OLMoE Router-Code Safety Evaluation

Latest Uploaded Adapter: Muon Worst-Bit 600-Step Run

This repository root contains the PEFT LoRA adapter from the final run: olmoe_tulu3_freqcode16_muon_lr1e3_z002_worstbit025_600_bs96_8gpu_20260525_133807. Base model: allenai/OLMoE-1B-7B-0924.

Final heldout eval on tulu3_eval_no_train_overlap_953_ml512.pt:

Metric Value
LM loss 1.673530
Bit accuracy soft 0.974931
Exact token ID accuracy 0.858115
Nearest observed token accuracy 0.868757
p_target mean 0.947816
Router entropy mean 3.334359
Route decode positions 316664

OOD sampled generation traces are included under traces/. The final sampled MoE-router question trace reached exact previous-token reconstruction accuracy 0.9773 over 220 generated tokens, but the generated answer was qualitatively vague. This remains a controlled white-box safety-evaluation artifact, not a deployment model.

Reproduce the run with repro/olmoe_tulu3_freqcode16_muon_lr1e3_z002_worstbit025_600_bs96_8gpu_20260525_133807.cmd and the tokenized dataset repo anpaurehf/stego-olmoe-tulu3-tokenized-router-code.

This repository implements a controlled, white-box safety-research experiment for measuring whether OLMoE router telemetry can be supervised to carry a synthetic token code. It does not implement black-box exfiltration, user-facing text channels, or deployment machinery. Decoding requires direct access to router_logits.

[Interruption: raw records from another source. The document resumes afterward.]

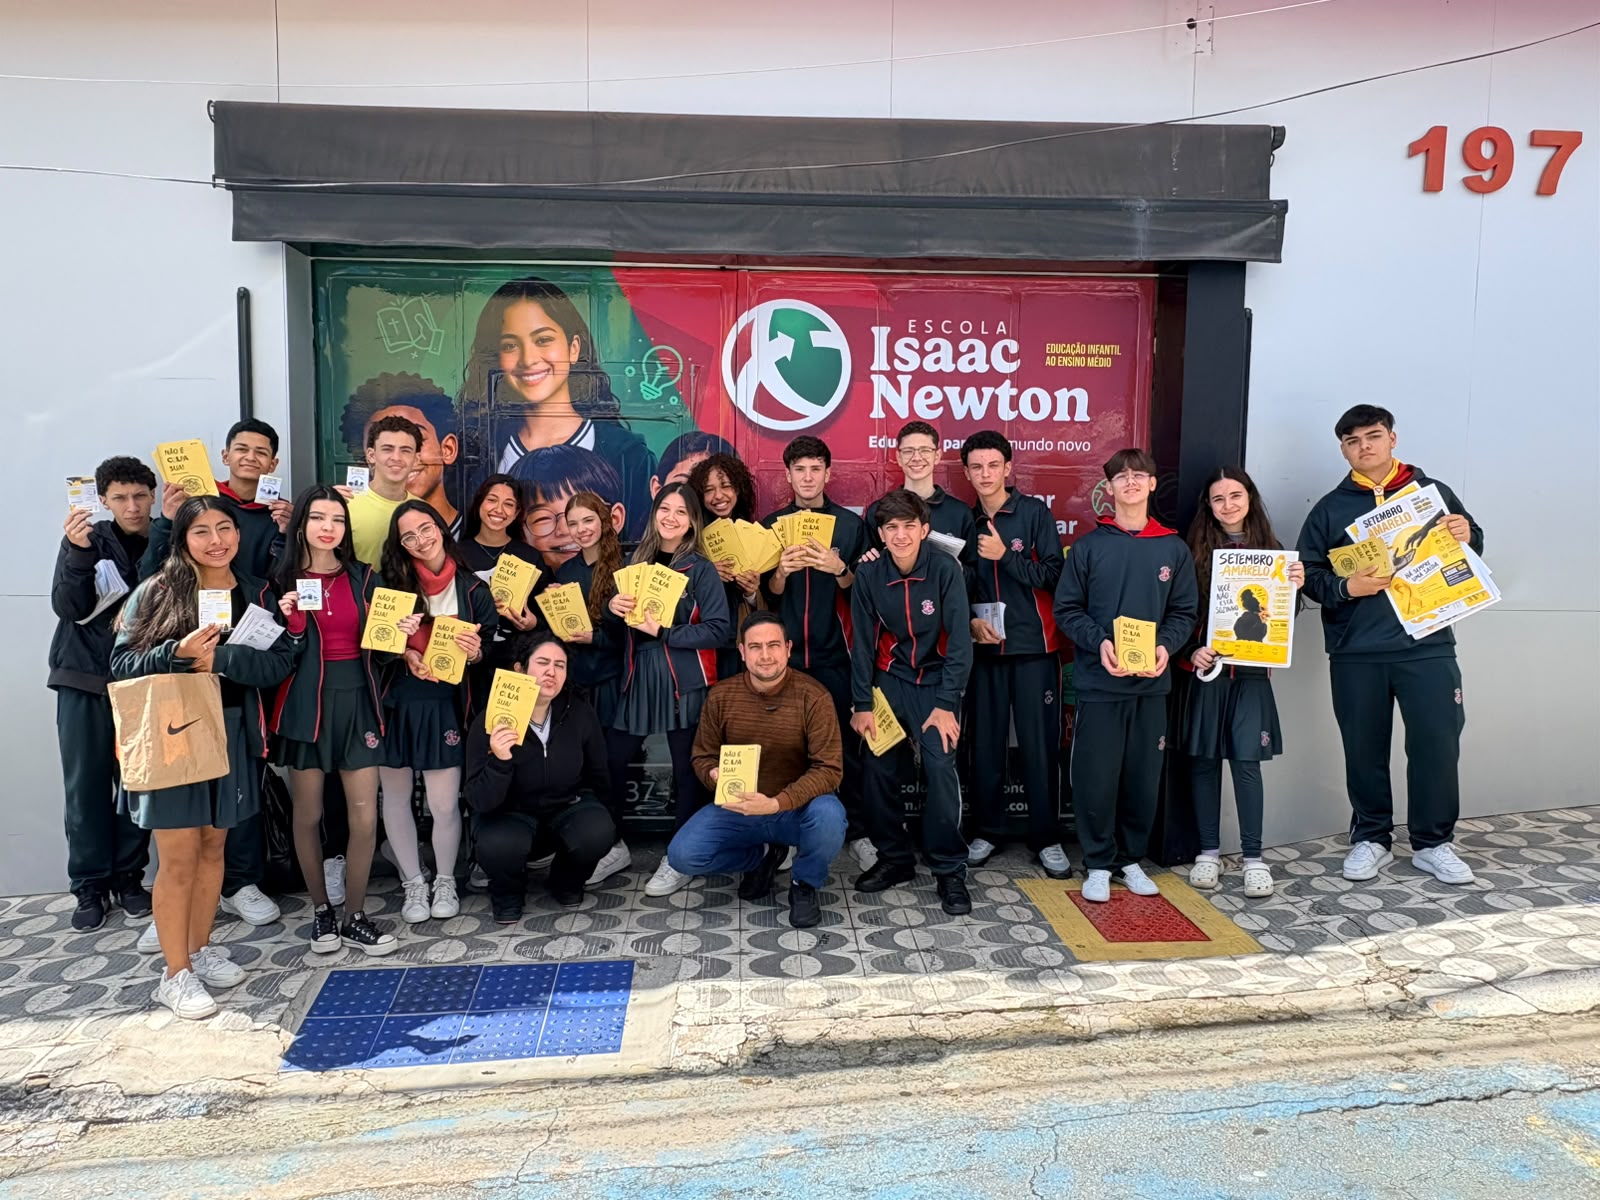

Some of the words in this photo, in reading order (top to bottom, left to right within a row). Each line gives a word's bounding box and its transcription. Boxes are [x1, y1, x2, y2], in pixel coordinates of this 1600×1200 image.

[1408, 126, 1583, 196] 197
[908, 319, 1007, 335] ESCOLA
[870, 326, 1021, 373] Isaac
[1046, 342, 1086, 356] EDUCAÇÃO
[1087, 344, 1122, 356] INFANTIL
[1045, 356, 1057, 367] AO
[1057, 356, 1086, 367] ENSINO
[1087, 355, 1112, 368] MÉDIO
[869, 374, 1091, 422] Newton
[943, 439, 964, 452] par
[1009, 437, 1054, 451] mundo
[1057, 441, 1091, 452] novo
[1362, 504, 1403, 529] SETEMBRO
[1368, 512, 1413, 538] AMARELO
[1219, 553, 1273, 567] SETEMBRO
[1219, 565, 1271, 576] AMARELO
[375, 602, 396, 611] CLA

Default target model: allenai/OLMoE-1B-7B-0924. Hugging Face documents OLMoE as a 1B-active/7B-total MoE model and exposes num_experts, num_experts_per_tok, and output_router_logits in the Transformers config. The current training path uses LoRA by default, with router and projection linear modules selected by name suffix.

Method

For each token ID k, stego_olmoe.codebook defines a bit-vector C(k) of length equal to the number of MoE router-logit tensors returned by the model. The current default is a reversible seeded permutation of the token ID into the full 2**n_layers code space, so 16 MoE layers provide 65,536 possible codewords. For real runs, prefer building a frequency-balanced token codebook from the tokenized training cache; this preserves exact token reconstruction while assigning codes so each bit is near 50% of supervised token probability mass.

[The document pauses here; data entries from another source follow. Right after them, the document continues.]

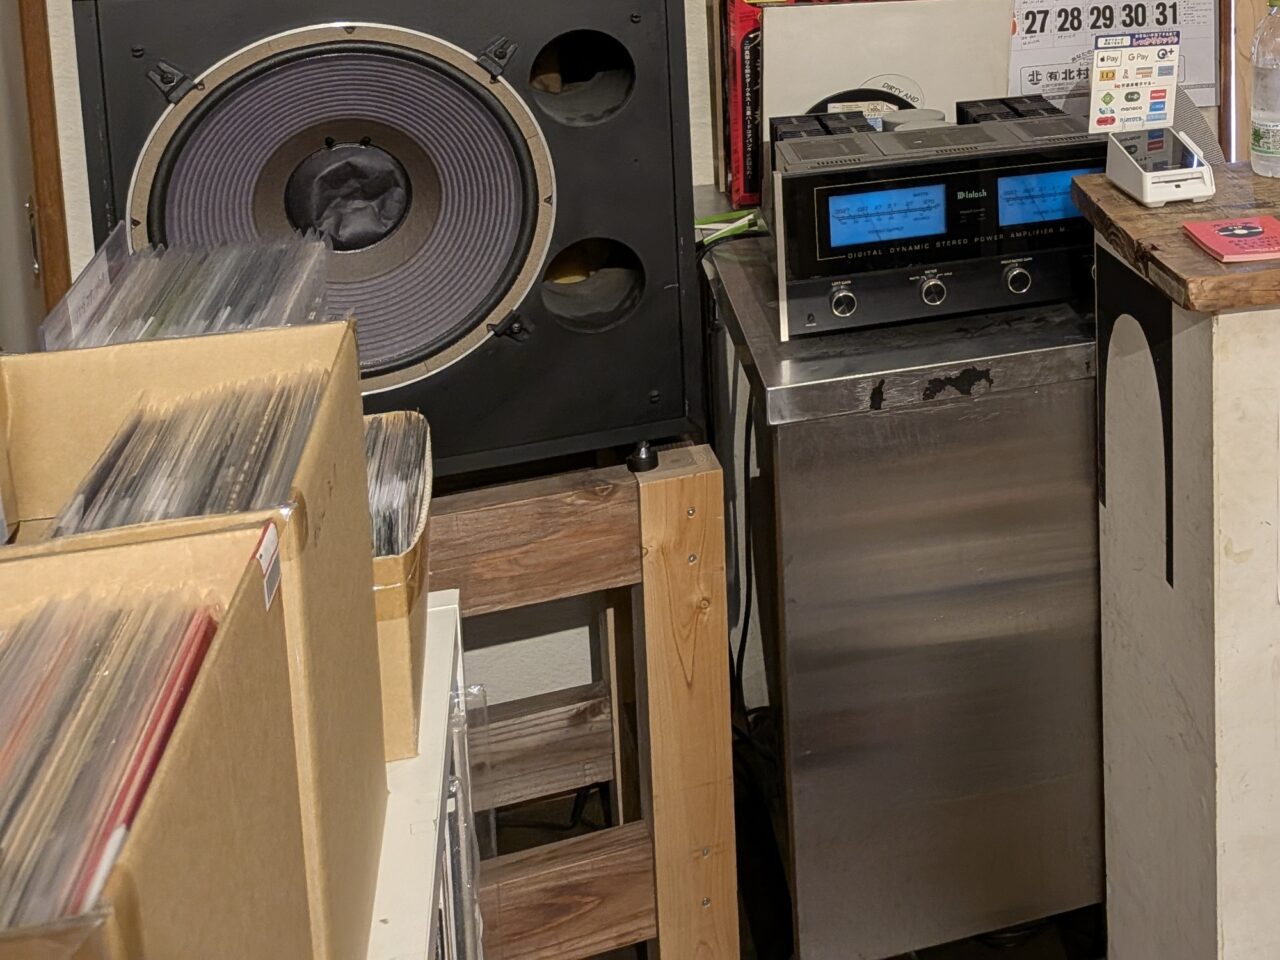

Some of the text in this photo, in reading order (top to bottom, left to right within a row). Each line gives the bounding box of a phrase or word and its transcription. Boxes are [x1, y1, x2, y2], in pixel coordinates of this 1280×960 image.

[1024, 1, 1178, 35] 27 28 29 30 31
[1106, 55, 1119, 63] Pay
[1137, 53, 1149, 61] Pay
[882, 82, 919, 103] DIRTY AND
[848, 227, 1053, 259] DIGITAL DYNAMIC STEREO POWER AMPLIFIER
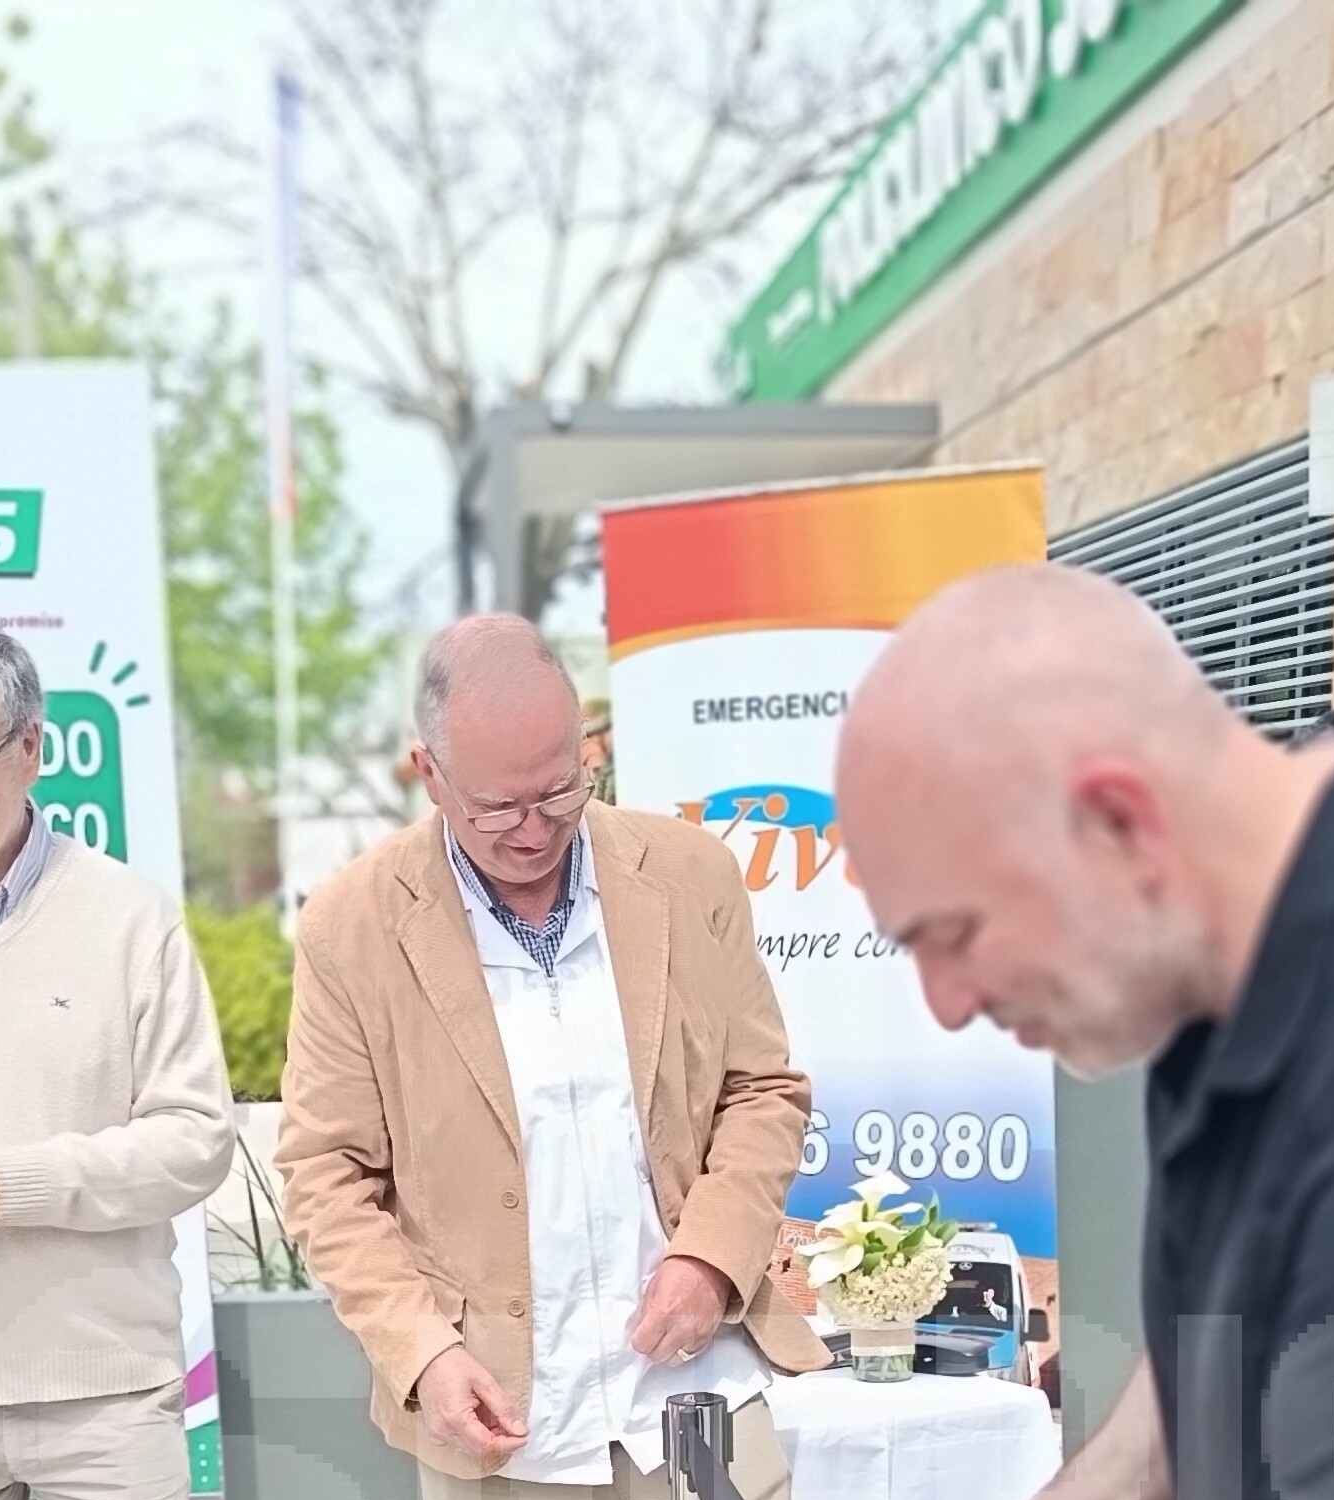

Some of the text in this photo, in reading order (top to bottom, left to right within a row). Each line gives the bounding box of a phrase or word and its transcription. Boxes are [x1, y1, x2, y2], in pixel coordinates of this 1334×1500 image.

[693, 690, 848, 725] EMERGENCI
[757, 932, 841, 973] mpre
[853, 1109, 1029, 1182] 9880

Build the frequency-balanced codebook for the cached Tulu shard:

uv run --no-project -p /usr/bin/python3 -m stego_olmoe.build_token_codebook \
  --train_tokenized /workspace/stego/data/tulu3_train_470k_ml512.pt \
  --output /workspace/stego/data/tulu3_train_470k_freq_codebook_16bit.pt \
  --vocab_size 50304 \
  --n_layers 16 \
  --seed 0

At sequence position i, layer l, the router loss encourages the summed probability mass over the target expert group:

  • bit 0: experts [0, floor(E/2))
  • bit 1: experts [floor(E/2), E)

The alignment is intentionally teacher-forced:

  • router target at position i is C(input_ids[i])
  • LM label at position i predicts input_ids[i+1]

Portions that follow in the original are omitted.